**WORK INSTRUCTIONS**
Would you write out every record that follows exactly, with the pictures left out?
*** Opening LISTED RECORDS ***
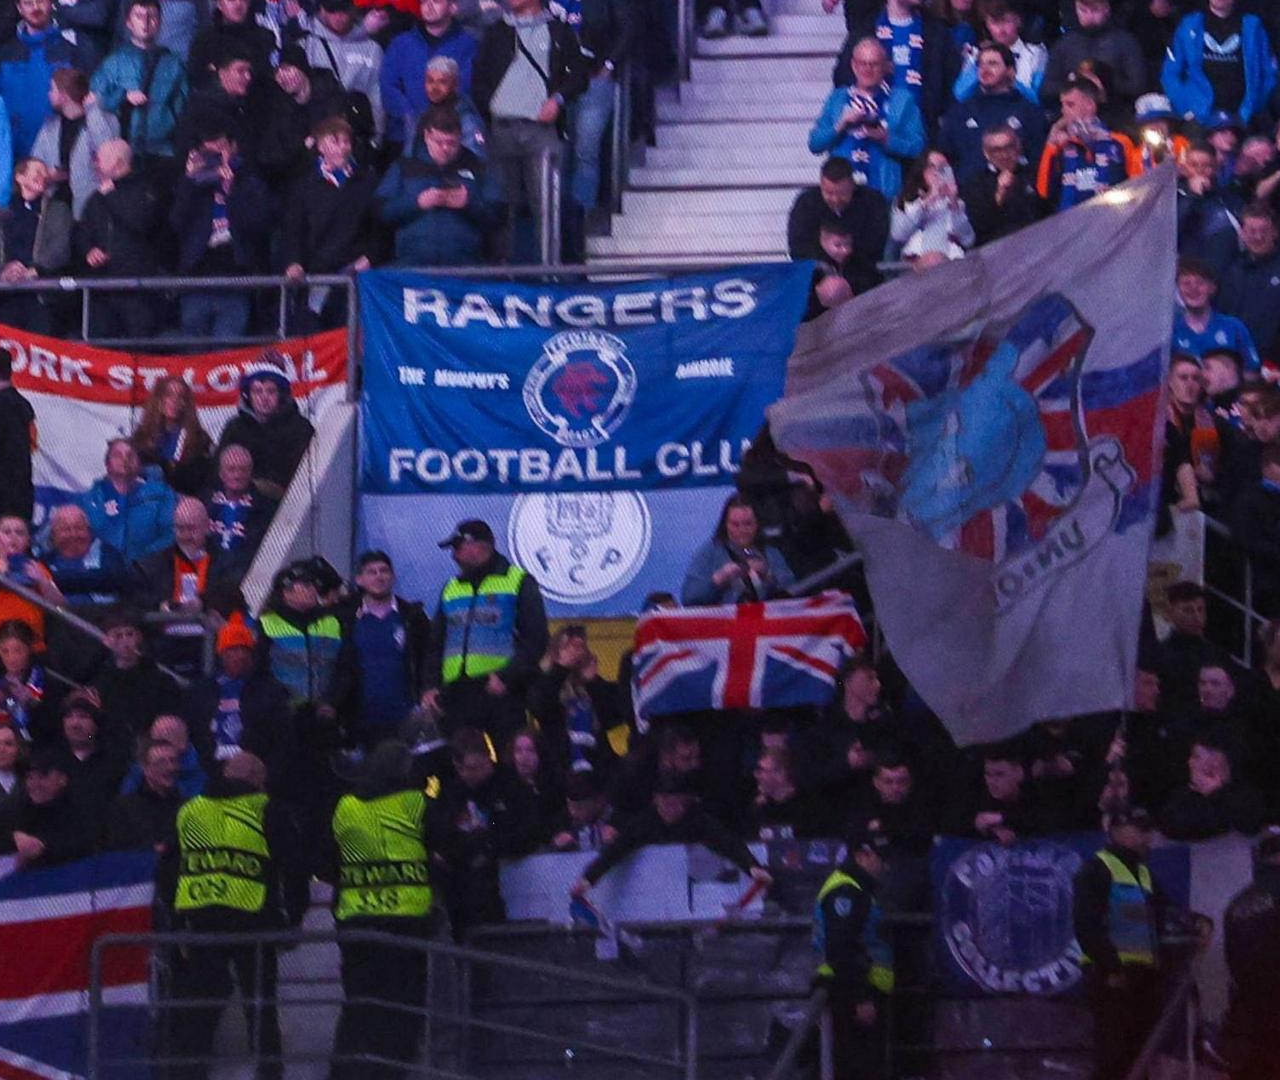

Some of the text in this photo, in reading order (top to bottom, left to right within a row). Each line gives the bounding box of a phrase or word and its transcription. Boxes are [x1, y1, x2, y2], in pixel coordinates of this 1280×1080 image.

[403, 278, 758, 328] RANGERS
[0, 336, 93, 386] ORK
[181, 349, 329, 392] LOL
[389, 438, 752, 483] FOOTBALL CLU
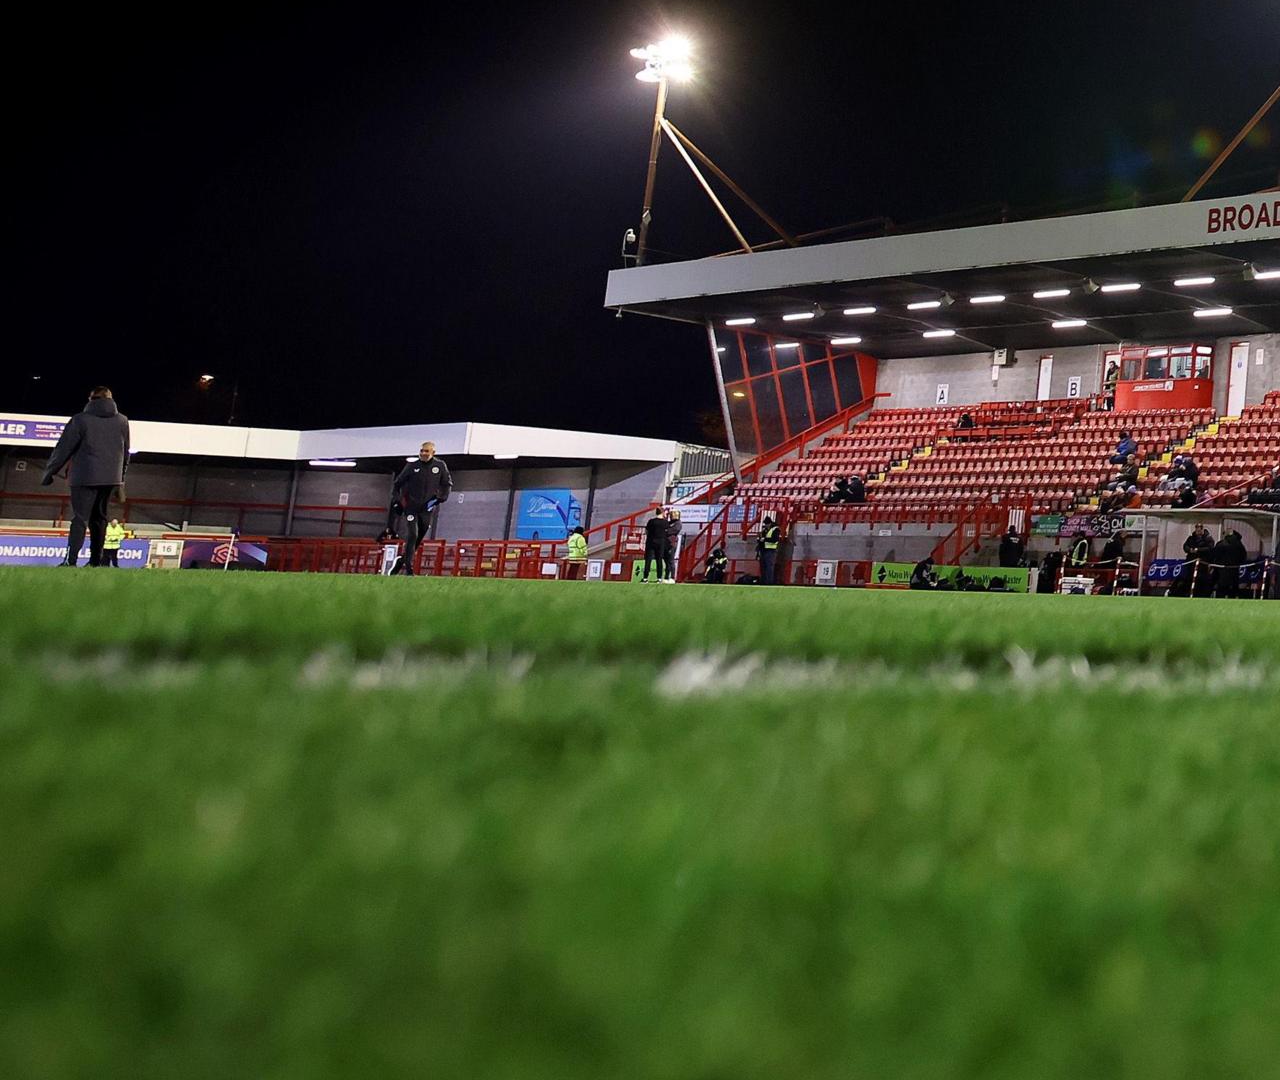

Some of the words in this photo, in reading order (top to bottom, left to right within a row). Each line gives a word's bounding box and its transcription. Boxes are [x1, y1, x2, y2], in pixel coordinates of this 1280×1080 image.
*** Closing LISTED RECORDS ***
**TASK ANSWER**
Some of the text in this photo, in reading order (top to bottom, left to right within a row). Each line gives the bounding box of a phrase or word and its transcription. Boxes are [x1, y1, x2, y2], in pixel coordinates of this 1280×1080 image.

[403, 278, 758, 328] RANGERS
[0, 336, 93, 386] ORK
[181, 349, 329, 392] LOL
[389, 438, 752, 483] FOOTBALL CLU

Some of the words in this photo, in reading order (top to bottom, left to right within a row). Each line gives a word's bounding box and its transcription. Boxes are [x1, y1, x2, y2], in pixel coordinates of this 1280×1080 image.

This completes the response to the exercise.